Supplied records:
= Beginning of Section =

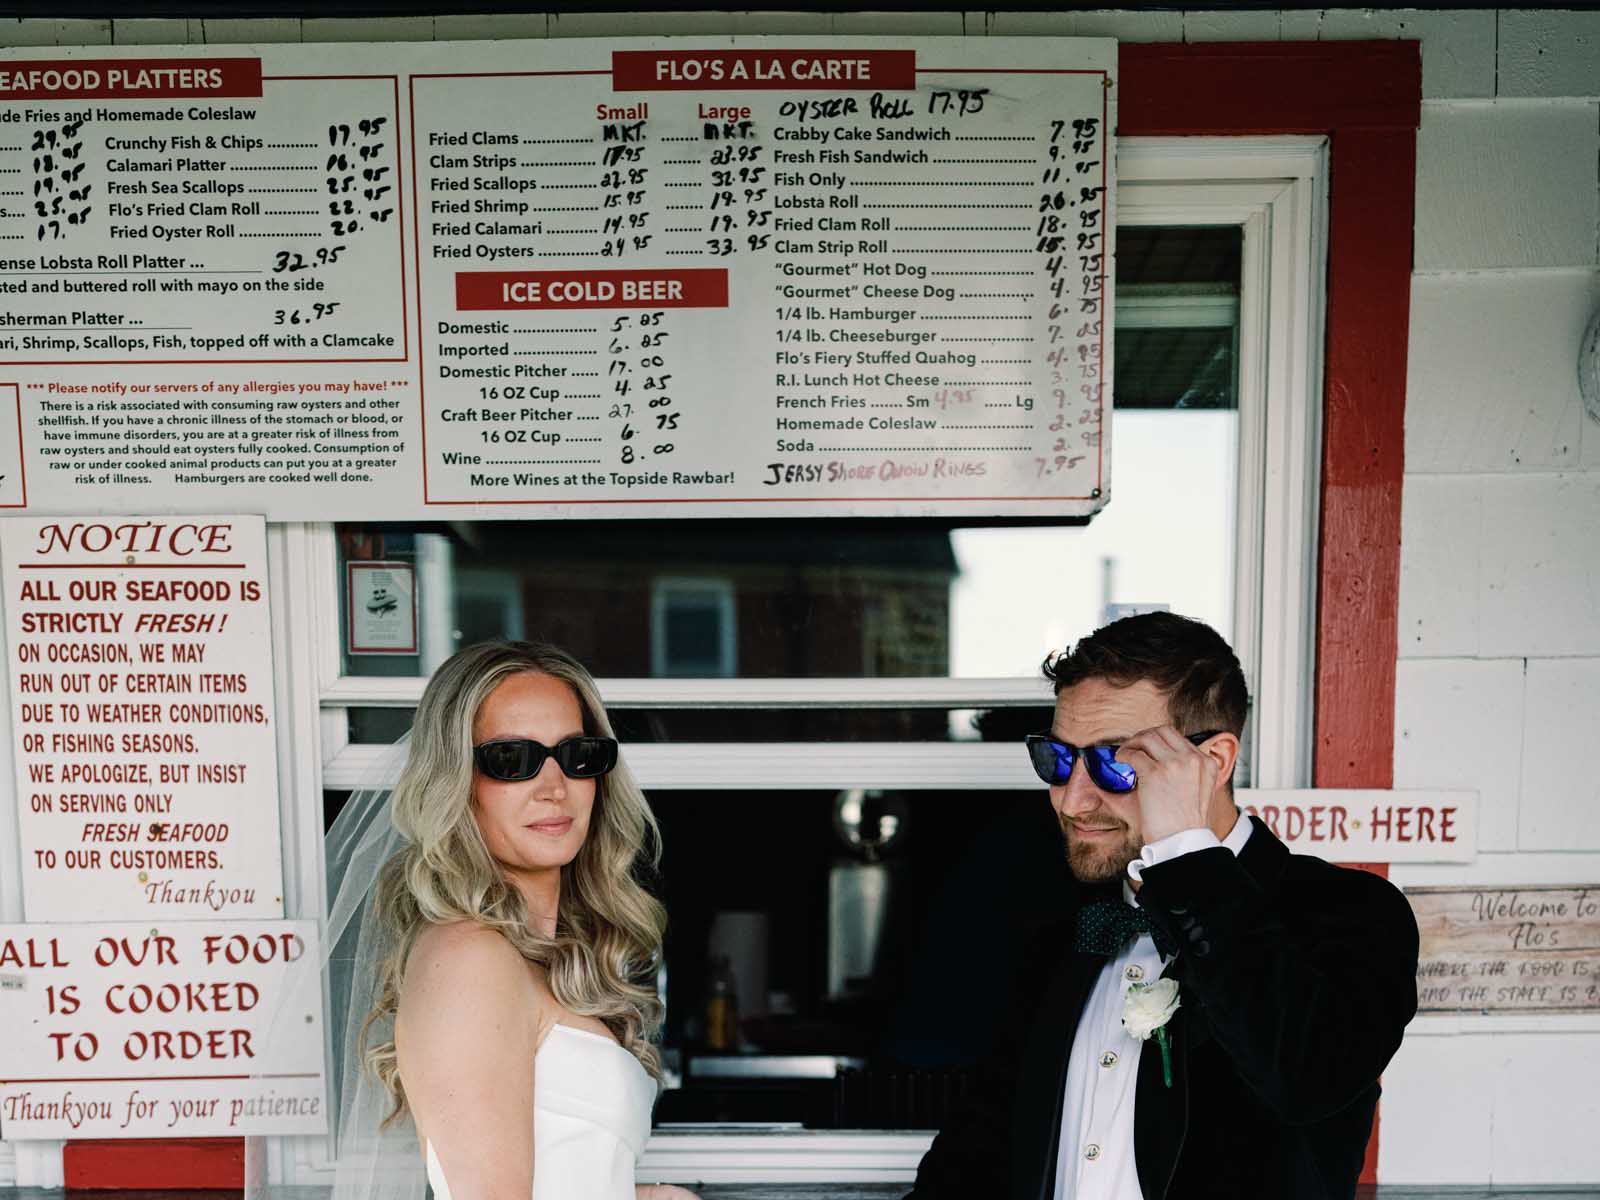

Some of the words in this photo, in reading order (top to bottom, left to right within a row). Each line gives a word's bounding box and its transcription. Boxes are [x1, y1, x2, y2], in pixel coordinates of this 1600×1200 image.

[108, 69, 222, 89] PLATTERS
[657, 60, 724, 80] FLO'S
[731, 60, 748, 79] A
[756, 60, 785, 79] LA
[792, 60, 870, 79] CARTE
[25, 109, 60, 123] Fries
[64, 108, 92, 122] and
[96, 107, 184, 122] Homemade
[188, 106, 256, 120] Coleslaw
[597, 103, 648, 120] Small
[699, 103, 751, 123] Large
[779, 97, 859, 123] OYSTER
[928, 88, 989, 117] 17.95
[105, 136, 167, 153] Crunchy
[171, 135, 201, 149] Fish
[205, 136, 217, 149] &
[221, 135, 263, 152] Chips
[429, 131, 468, 146] Fried
[472, 131, 519, 145] Clams
[774, 126, 830, 144] Crabby
[833, 126, 872, 141] Cake
[876, 126, 951, 141] Sandwich
[106, 158, 172, 172] Calamari
[176, 157, 227, 171] Platter
[430, 154, 469, 168] Clam
[473, 154, 517, 171] Strips
[774, 149, 815, 163] Fresh
[819, 149, 850, 163] Fish
[854, 149, 928, 163] Sandwich
[431, 177, 469, 191] Fried
[473, 176, 537, 194] Scallops
[774, 172, 805, 186] Fish
[809, 172, 846, 190] Only
[109, 203, 143, 216] Flo's
[147, 202, 185, 216] Fried
[189, 202, 227, 216] Clam
[231, 201, 260, 215] Roll
[432, 199, 470, 214] Fried
[474, 198, 529, 216] Shrimp
[774, 194, 825, 208] Lobsta
[829, 194, 858, 208] Roll
[432, 221, 471, 236] Fried
[475, 221, 542, 235] Calamari
[775, 217, 813, 231] Fried
[817, 217, 856, 231] Clam
[861, 217, 890, 231] Roll
[433, 244, 471, 258] Fried
[476, 244, 534, 261] Oysters
[774, 240, 814, 254] Clam
[818, 240, 854, 257] Strip
[858, 240, 887, 253] Roll
[40, 254, 93, 270] Lobsta
[97, 254, 128, 269] Roll
[133, 254, 186, 269] Platter
[272, 245, 346, 273] 32.95
[863, 262, 891, 276] Hot
[895, 263, 926, 279] Dog
[503, 282, 541, 302] ICE
[548, 282, 615, 301] COLD
[623, 281, 682, 300] BEER
[274, 302, 341, 325] 36.95
[776, 306, 802, 320] 1/4
[806, 306, 825, 320] lb.
[829, 306, 917, 323] Hamburger
[438, 320, 509, 335] Domestic
[439, 342, 509, 360] Imported
[776, 351, 810, 364] Flo's
[815, 351, 852, 368] Fiery
[856, 350, 911, 364] Stuffed
[915, 350, 976, 367] Quahog
[440, 364, 510, 378] Domestic
[514, 363, 567, 378] Pitcher
[48, 382, 88, 394] Please
[91, 382, 127, 396] notify
[201, 381, 214, 392] of
[217, 384, 239, 395] any
[243, 381, 295, 395] allergies
[298, 384, 321, 395] you
[325, 384, 350, 394] may
[353, 380, 387, 391] have!
[480, 387, 499, 400] 16
[502, 386, 526, 399] OZ
[529, 386, 560, 403] Cup
[776, 395, 826, 408] French
[831, 395, 866, 408] Fries
[907, 395, 930, 407] Sm
[1016, 395, 1034, 411] Lg
[777, 438, 814, 452] Soda
[442, 452, 482, 464] Wine
[175, 473, 245, 485] Hamburgers
[248, 475, 266, 483] are
[269, 472, 311, 483] cooked
[313, 472, 338, 482] well
[340, 472, 373, 482] done.
[470, 474, 509, 486] More
[513, 473, 559, 486] Wines
[563, 474, 578, 485] at
[581, 472, 606, 485] the
[609, 472, 668, 488] Topside
[672, 471, 734, 484] Rawbar!
[36, 521, 232, 556] NOTICE
[20, 580, 61, 601] ALL
[69, 580, 117, 602] OUR
[126, 580, 231, 602] SEAFOOD
[240, 580, 261, 602] IS
[21, 612, 124, 634] STRICTLY
[18, 643, 40, 663] ON
[48, 643, 133, 666] OCCASION,
[139, 643, 165, 663] WE
[172, 643, 205, 663] MAY
[20, 673, 53, 693] RUN
[61, 673, 91, 693] OUT
[98, 673, 118, 693] OF
[126, 673, 191, 693] CERTAIN
[200, 674, 247, 693] ITEMS
[22, 704, 54, 723] DUE
[60, 704, 80, 723] TO
[86, 704, 162, 723] WEATHER
[169, 704, 268, 726] CONDITIONS,
[23, 733, 44, 753] OR
[52, 733, 115, 753] FISHING
[122, 734, 198, 753] SEASONS.
[29, 764, 54, 783] WE
[61, 764, 152, 786] APOLOGIZE,
[160, 764, 190, 784] BUT
[197, 764, 246, 784] INSIST
[31, 794, 52, 813] ON
[59, 794, 127, 813] SERVING
[134, 794, 172, 813] ONLY
[81, 823, 141, 842] FRESH
[146, 822, 229, 842] SEAFOOD
[1246, 805, 1349, 842] RDER
[1370, 805, 1458, 842] HERE
[34, 850, 56, 869] TO
[65, 850, 101, 869] OUR
[110, 850, 223, 869] CUSTOMERS.
[145, 880, 255, 911] Thankyou
[1472, 893, 1568, 920] Welcome
[1574, 889, 1597, 918] to
[0, 938, 70, 968] ALL
[94, 936, 179, 967] OUR
[203, 933, 304, 965] FOOD
[45, 985, 80, 1015] IS
[105, 982, 259, 1014] COOKED
[48, 1032, 99, 1062] TO
[123, 1029, 255, 1061] ORDER
[4, 1091, 112, 1129] Thankyou
[120, 1090, 159, 1128] for
[168, 1099, 219, 1127] your
[230, 1090, 320, 1127] patience
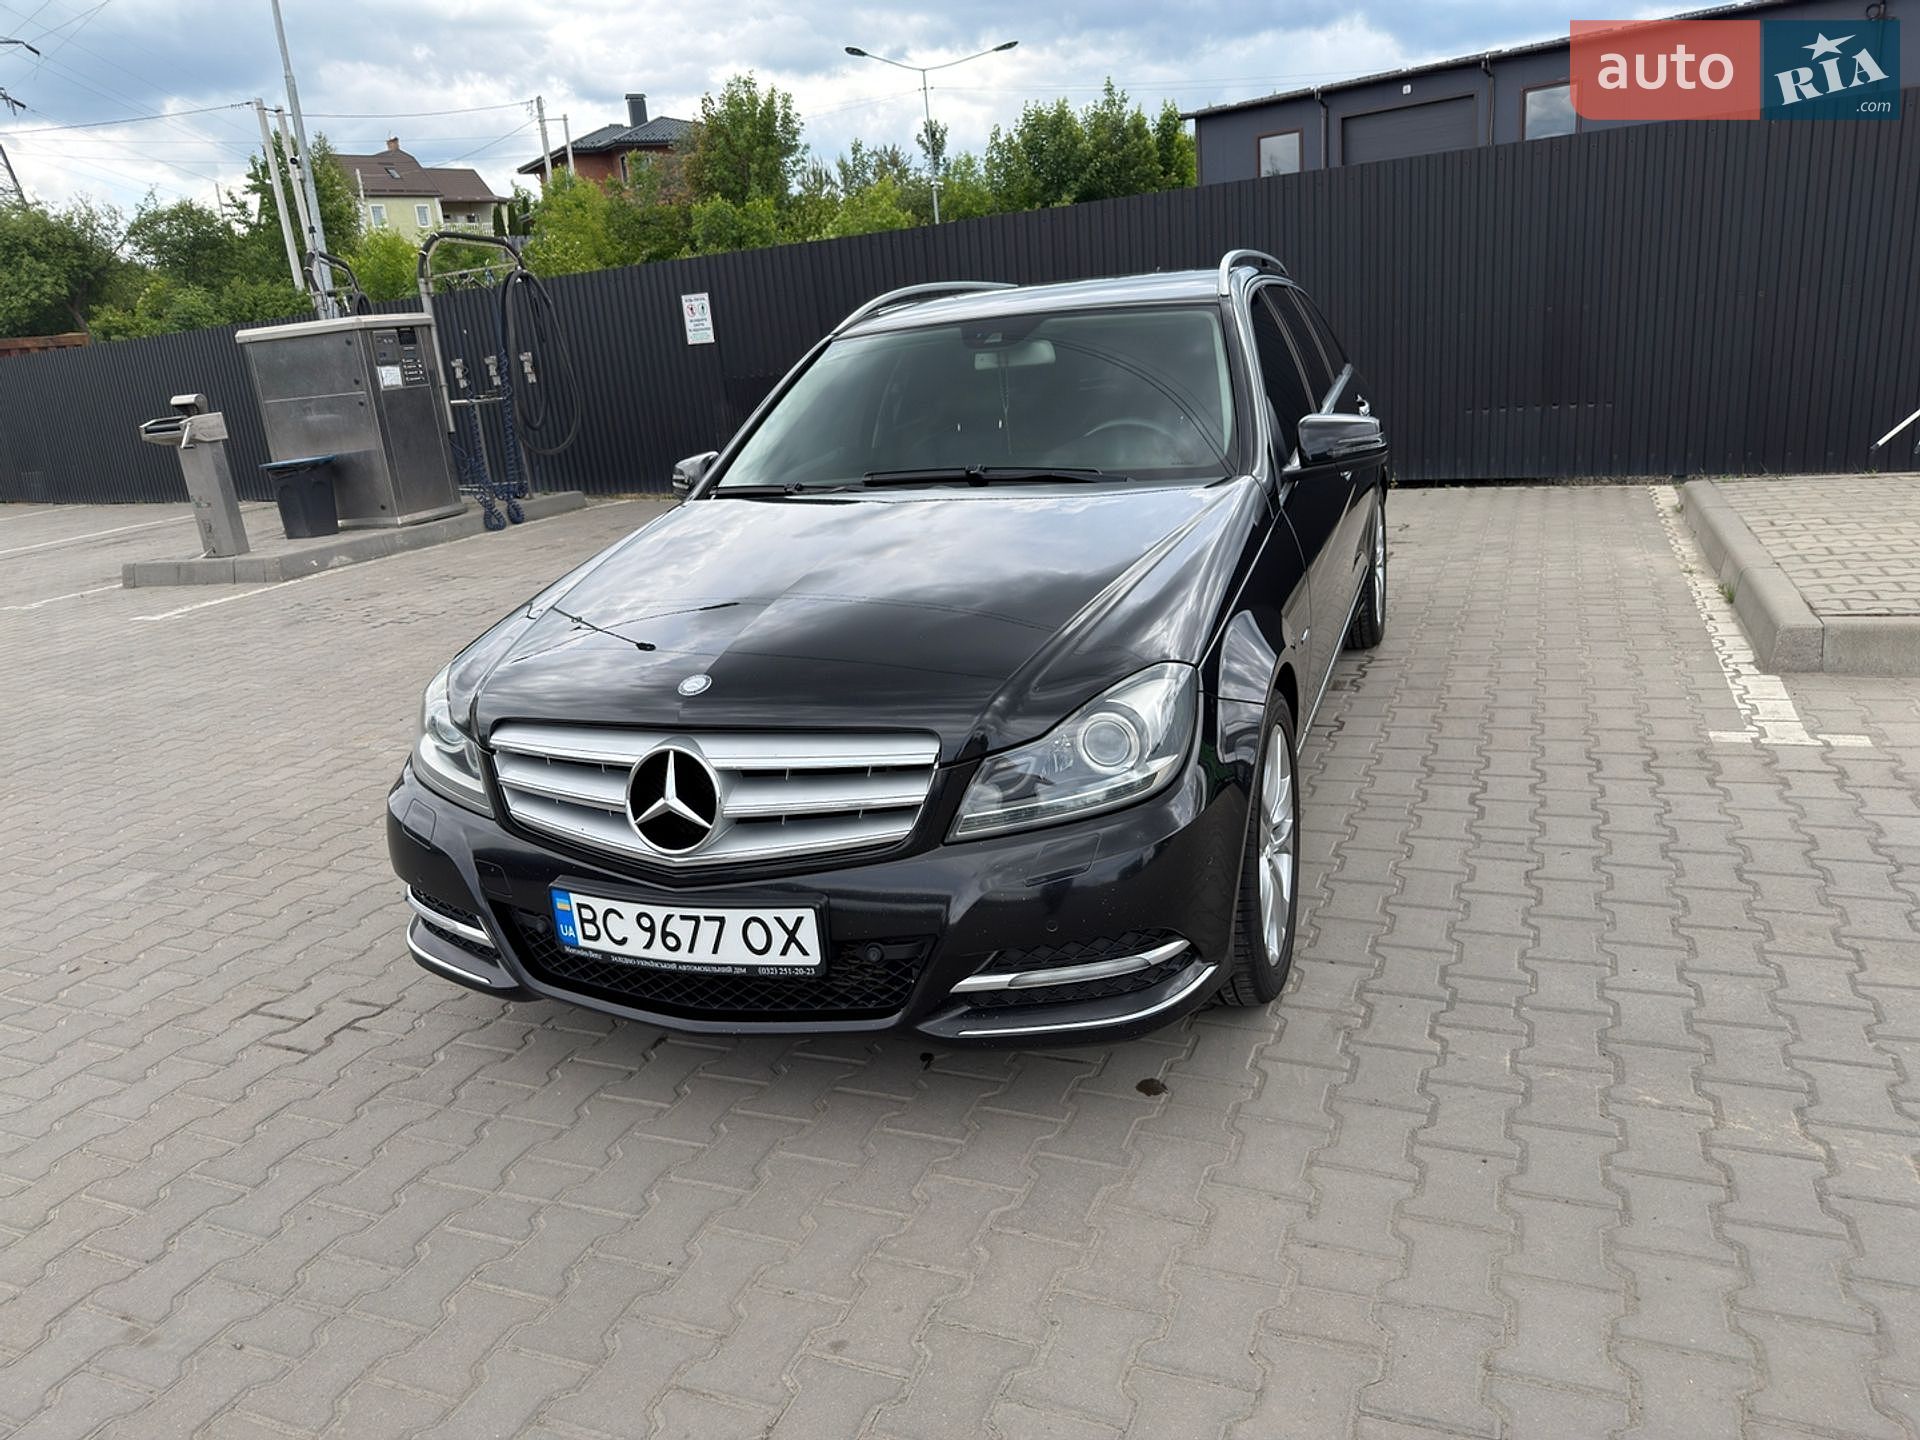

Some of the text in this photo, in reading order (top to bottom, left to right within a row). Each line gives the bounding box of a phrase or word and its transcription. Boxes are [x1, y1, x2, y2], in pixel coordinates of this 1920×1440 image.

[560, 923, 576, 938] UA
[576, 902, 810, 957] BC 9677 OX
[758, 967, 778, 975] (032)

= End of Section =

What you have to do:
In the records above, return precisely the line containing "Some of the text" and each line that comes after it, up to the final one.

Solution to the exercise:
Some of the text in this photo, in reading order (top to bottom, left to right within a row). Each line gives the bounding box of a phrase or word and its transcription. Boxes are [x1, y1, x2, y2], in pixel coordinates of this 1920×1440 image.

[560, 923, 576, 938] UA
[576, 902, 810, 957] BC 9677 OX
[758, 967, 778, 975] (032)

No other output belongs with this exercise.